(How to complete this task) Find "this 1500×1000 image." in the material below and restate exactly the line holding it together with every line that comes after.

(Extracted entries)
—————

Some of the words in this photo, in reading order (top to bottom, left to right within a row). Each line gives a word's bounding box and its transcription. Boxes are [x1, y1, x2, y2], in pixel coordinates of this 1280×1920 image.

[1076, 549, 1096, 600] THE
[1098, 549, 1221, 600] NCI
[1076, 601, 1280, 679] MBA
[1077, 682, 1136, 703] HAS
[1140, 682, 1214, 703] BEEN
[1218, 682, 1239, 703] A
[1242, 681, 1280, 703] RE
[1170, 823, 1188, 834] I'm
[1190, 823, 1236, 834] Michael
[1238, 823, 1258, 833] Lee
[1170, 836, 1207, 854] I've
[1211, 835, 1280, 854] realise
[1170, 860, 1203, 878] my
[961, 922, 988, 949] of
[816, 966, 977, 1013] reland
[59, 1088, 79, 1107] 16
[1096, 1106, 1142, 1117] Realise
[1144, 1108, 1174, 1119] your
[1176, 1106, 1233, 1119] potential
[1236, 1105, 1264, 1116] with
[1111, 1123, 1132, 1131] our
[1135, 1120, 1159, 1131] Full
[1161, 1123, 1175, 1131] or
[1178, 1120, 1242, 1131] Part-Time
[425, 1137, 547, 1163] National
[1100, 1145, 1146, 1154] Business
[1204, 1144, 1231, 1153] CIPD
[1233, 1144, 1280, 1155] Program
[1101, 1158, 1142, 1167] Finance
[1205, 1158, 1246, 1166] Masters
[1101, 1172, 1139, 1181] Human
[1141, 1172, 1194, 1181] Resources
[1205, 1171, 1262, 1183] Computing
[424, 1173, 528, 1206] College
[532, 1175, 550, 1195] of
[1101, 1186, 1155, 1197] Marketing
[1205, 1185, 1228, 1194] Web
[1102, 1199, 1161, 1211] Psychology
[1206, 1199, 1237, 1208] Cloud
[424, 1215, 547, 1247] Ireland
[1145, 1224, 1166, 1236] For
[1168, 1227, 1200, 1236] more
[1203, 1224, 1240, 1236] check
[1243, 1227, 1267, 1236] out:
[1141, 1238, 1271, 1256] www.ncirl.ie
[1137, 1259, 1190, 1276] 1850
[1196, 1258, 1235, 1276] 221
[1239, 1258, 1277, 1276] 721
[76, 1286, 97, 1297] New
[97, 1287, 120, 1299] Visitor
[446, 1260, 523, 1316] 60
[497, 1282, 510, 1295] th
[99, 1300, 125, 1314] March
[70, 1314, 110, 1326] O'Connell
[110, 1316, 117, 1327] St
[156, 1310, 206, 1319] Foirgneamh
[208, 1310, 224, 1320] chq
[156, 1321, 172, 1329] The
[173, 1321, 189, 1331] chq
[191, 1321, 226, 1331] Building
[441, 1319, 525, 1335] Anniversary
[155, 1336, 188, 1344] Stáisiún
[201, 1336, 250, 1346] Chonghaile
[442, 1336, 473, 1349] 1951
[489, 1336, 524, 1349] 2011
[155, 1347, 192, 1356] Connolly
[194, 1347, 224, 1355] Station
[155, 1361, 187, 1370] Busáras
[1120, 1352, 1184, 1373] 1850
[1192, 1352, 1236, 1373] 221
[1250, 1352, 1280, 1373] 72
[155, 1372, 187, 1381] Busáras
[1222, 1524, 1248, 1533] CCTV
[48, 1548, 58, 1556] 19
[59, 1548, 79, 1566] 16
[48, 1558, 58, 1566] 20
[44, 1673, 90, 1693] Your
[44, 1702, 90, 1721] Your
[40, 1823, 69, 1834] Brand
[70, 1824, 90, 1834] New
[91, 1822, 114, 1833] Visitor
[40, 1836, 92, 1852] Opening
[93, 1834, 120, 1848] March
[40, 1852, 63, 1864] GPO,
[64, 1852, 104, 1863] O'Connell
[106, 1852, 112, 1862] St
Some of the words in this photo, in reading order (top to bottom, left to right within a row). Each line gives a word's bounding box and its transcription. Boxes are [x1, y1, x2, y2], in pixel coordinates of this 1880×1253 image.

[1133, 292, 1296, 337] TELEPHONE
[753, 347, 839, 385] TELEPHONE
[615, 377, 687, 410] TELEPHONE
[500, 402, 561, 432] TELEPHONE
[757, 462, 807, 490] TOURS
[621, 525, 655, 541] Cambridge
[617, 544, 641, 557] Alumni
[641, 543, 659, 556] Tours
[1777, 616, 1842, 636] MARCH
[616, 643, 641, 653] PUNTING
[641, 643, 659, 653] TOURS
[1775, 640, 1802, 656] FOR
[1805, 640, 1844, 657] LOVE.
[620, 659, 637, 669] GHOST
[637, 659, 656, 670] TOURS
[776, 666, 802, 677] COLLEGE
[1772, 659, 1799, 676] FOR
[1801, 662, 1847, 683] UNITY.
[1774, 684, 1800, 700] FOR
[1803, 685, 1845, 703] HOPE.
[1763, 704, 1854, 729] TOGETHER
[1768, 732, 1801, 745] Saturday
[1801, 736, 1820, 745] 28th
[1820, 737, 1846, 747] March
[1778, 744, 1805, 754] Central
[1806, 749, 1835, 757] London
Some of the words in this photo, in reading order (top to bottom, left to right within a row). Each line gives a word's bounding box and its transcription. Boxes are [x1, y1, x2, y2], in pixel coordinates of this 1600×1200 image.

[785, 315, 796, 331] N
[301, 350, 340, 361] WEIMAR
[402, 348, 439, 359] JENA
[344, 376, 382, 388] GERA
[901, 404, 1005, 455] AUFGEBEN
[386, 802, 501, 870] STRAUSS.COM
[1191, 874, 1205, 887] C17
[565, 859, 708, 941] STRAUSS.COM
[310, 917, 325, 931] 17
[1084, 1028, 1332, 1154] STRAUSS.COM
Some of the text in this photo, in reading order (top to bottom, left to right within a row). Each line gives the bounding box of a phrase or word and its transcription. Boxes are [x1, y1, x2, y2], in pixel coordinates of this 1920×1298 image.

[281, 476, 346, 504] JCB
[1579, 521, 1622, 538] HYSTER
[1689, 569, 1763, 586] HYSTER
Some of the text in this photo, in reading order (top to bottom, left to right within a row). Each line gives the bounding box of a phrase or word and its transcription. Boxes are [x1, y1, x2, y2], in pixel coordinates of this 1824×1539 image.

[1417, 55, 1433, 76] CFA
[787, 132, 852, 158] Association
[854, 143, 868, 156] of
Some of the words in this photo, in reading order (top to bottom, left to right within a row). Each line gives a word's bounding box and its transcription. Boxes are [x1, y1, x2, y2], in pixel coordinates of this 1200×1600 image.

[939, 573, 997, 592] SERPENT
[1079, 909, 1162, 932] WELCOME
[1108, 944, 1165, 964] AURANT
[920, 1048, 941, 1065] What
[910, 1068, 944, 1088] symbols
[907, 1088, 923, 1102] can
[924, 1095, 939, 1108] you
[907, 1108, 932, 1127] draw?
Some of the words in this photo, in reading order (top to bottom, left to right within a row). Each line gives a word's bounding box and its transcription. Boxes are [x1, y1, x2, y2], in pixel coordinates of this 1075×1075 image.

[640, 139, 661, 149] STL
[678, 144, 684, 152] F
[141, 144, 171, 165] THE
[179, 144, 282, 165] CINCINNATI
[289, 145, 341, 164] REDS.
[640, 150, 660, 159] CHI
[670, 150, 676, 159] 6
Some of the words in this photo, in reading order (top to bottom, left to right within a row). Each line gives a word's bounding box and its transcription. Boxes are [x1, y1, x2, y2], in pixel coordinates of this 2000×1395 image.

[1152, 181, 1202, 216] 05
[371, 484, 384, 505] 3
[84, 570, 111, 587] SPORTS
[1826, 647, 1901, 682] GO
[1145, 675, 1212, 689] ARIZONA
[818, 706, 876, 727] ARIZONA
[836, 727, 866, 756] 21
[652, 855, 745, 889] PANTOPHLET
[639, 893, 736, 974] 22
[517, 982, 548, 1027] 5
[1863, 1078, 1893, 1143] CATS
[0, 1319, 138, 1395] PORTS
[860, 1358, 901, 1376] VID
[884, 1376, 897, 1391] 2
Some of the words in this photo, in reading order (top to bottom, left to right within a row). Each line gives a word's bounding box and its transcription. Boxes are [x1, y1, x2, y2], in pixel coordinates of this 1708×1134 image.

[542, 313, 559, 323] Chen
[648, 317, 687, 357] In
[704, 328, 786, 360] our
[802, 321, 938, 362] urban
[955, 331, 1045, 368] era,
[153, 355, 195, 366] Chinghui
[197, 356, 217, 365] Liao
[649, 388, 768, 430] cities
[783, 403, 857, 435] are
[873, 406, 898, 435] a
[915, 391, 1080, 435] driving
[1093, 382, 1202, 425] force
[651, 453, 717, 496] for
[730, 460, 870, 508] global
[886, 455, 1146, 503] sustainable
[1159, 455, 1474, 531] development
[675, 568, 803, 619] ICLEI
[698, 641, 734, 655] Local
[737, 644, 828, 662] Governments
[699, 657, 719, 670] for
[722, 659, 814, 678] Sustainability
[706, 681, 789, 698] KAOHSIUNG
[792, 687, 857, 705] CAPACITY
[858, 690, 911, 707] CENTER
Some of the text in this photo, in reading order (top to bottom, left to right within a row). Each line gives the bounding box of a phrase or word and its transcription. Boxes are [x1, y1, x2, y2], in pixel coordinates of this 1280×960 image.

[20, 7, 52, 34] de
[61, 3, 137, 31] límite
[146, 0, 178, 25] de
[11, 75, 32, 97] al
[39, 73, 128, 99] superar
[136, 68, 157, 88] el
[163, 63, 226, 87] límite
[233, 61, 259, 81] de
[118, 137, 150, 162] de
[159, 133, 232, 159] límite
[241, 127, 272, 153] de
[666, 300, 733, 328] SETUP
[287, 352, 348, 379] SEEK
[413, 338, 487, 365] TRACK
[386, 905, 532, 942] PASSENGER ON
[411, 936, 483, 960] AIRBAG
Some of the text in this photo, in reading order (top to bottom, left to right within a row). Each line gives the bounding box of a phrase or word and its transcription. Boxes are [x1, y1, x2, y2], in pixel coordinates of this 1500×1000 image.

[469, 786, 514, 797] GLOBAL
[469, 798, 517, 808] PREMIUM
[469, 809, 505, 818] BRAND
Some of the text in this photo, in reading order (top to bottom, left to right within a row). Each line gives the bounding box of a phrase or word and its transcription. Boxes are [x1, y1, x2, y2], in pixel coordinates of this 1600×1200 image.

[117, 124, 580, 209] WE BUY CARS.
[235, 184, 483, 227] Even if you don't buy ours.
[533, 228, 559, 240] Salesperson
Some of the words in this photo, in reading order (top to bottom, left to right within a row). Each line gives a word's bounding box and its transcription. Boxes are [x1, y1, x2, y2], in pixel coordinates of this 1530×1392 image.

—————

(Answer section)
Some of the text in this photo, in reading order (top to bottom, left to right within a row). Each line gives the bounding box of a phrase or word and its transcription. Boxes are [x1, y1, x2, y2], in pixel coordinates of this 1500×1000 image.

[469, 786, 514, 797] GLOBAL
[469, 798, 517, 808] PREMIUM
[469, 809, 505, 818] BRAND
Some of the text in this photo, in reading order (top to bottom, left to right within a row). Each line gives the bounding box of a phrase or word and its transcription. Boxes are [x1, y1, x2, y2], in pixel coordinates of this 1600×1200 image.

[117, 124, 580, 209] WE BUY CARS.
[235, 184, 483, 227] Even if you don't buy ours.
[533, 228, 559, 240] Salesperson
Some of the words in this photo, in reading order (top to bottom, left to right within a row). Each line gives a word's bounding box and its transcription. Boxes are [x1, y1, x2, y2], in pixel coordinates of this 1530×1392 image.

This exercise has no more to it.